Ecco alcune righe tratte dalle motivazioni della rivista:

“Il 2014 è stato l’anno in cui il contagio episodico si è trasformato in un’epidemia, anche a causa dello stesso progresso che ha permesso di costruire città e strade e sollevare milioni di persone fuori dalla povertà. Questa volta ebola ha raggiunto le baraccopoli della Liberia, della Guinea e della Sierra Leone; ha viaggiato in Nigeria e in Mali, in Spagna, in Germania e negli Stati Uniti. Ha coinvolto medici e infermieri in quantità senza precedenti, cancellando infrastrutture sanitarie pubbliche che erano già debolissime. In un giorno di agosto, in Liberia, sei donne incinte hanno perso i loro bambini perché gli ospedali non potevano ricoverarle. Chiunque volesse curare i malati di ebola correva il rischio di diventarlo.

Questo ci porta ai cuori dei nostri eroi. Non c’era molto che si potesse fare per ostacolare la diffusione della malattia. I governi non erano adeguatamente equipaggiati. L’Organizzazione Mondiale della Sanità ha perso tempo. I primi soccorritori sono stati accusati di gridare “al lupo”, anche quando la situazione si stava deteriorando. Ma le persone sul campo, le forze speciali di Medici Senza Frontiere, di Samaritan’s Purse e di molte altre organizzazioni umanitarie da tutto il mondo hanno combattuto fianco a fianco con i medici e le infermieri sul posto, con gli autisti delle aumbulanze e con chi si occupava delle sepolture.

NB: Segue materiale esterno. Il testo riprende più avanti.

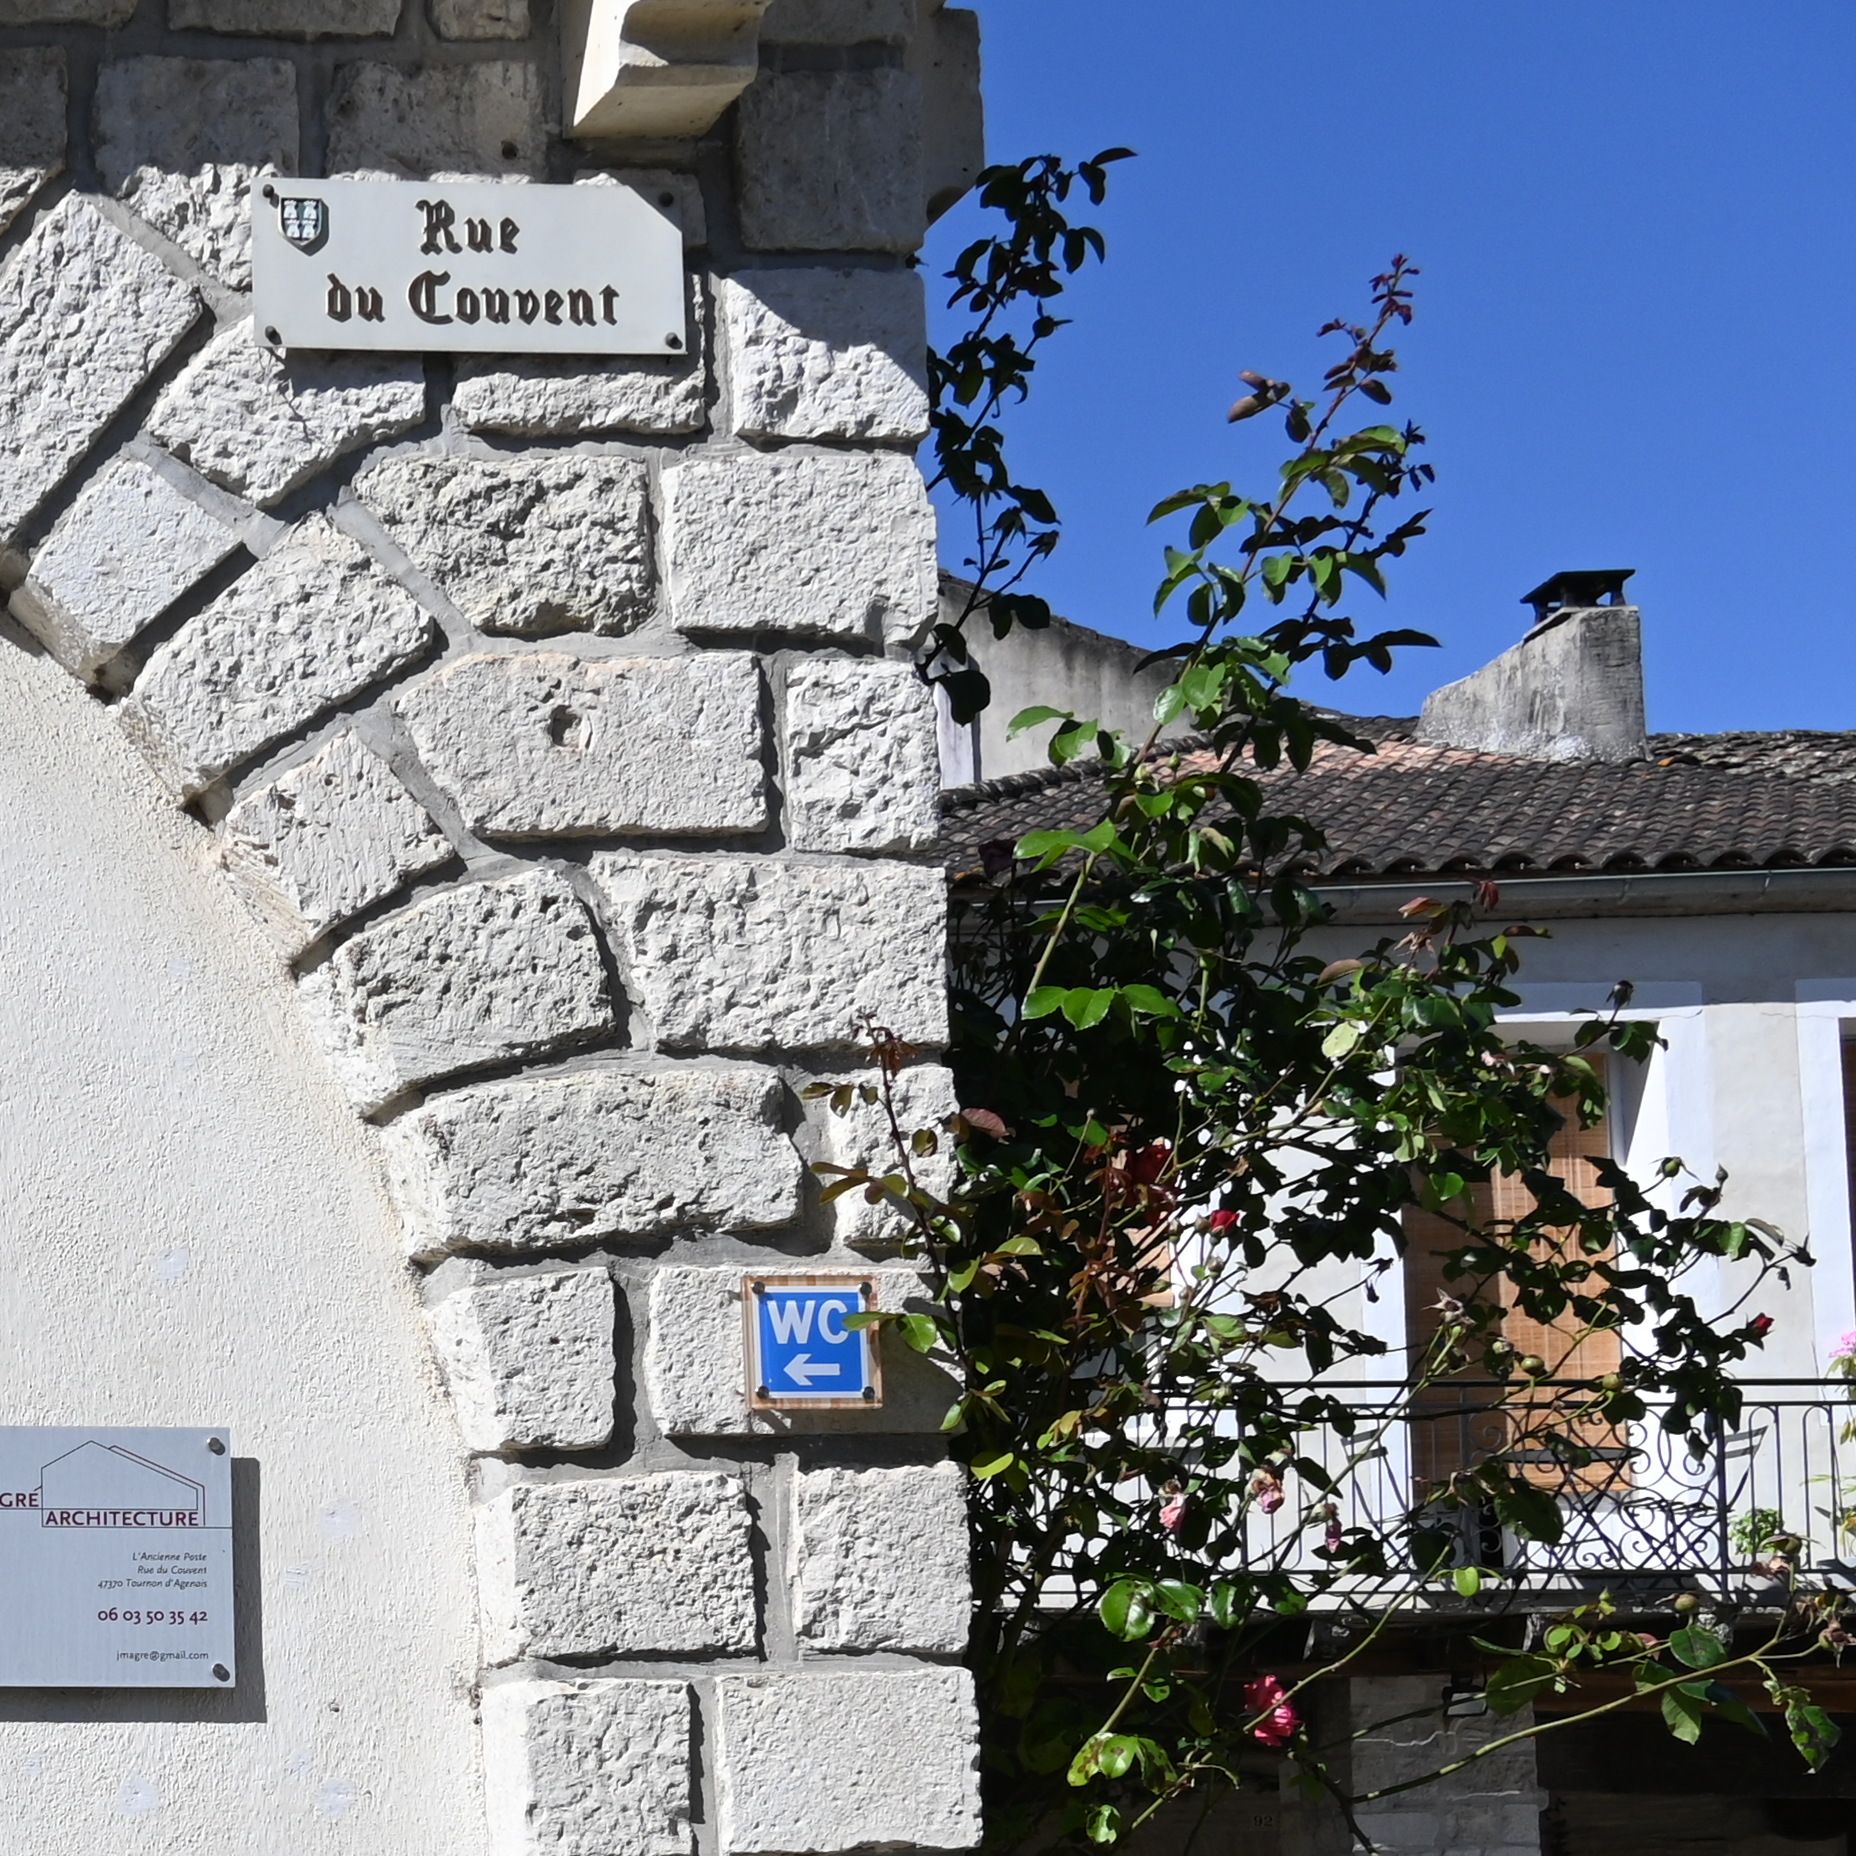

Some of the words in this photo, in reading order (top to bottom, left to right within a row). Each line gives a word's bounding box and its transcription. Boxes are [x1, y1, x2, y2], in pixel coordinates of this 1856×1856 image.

Chiedetegli perché lo hanno fatto. Alcuni parleranno di Dio, altri della patria, altri dell’istinto innaturale che li porta a correre verso il fuoco e non lontano dal fuoco. «Se qualcuno dall’America viene ad aiutare il mio popolo, e qualcuno anche dall’Uganda», ha detto un infermiera liberiana, Iris Martor, a Liberian nurse, «perché non dovrei farlo io?». Foday Gallah, un autista di ambulanza che è sopravvissuto alla malattia, dice che la sua immunità adesso è un dono divino. «Voglio dare il mio sangue per salvare le persone», dice. «Ho intenzione di combattere ebola con tutto me stesso».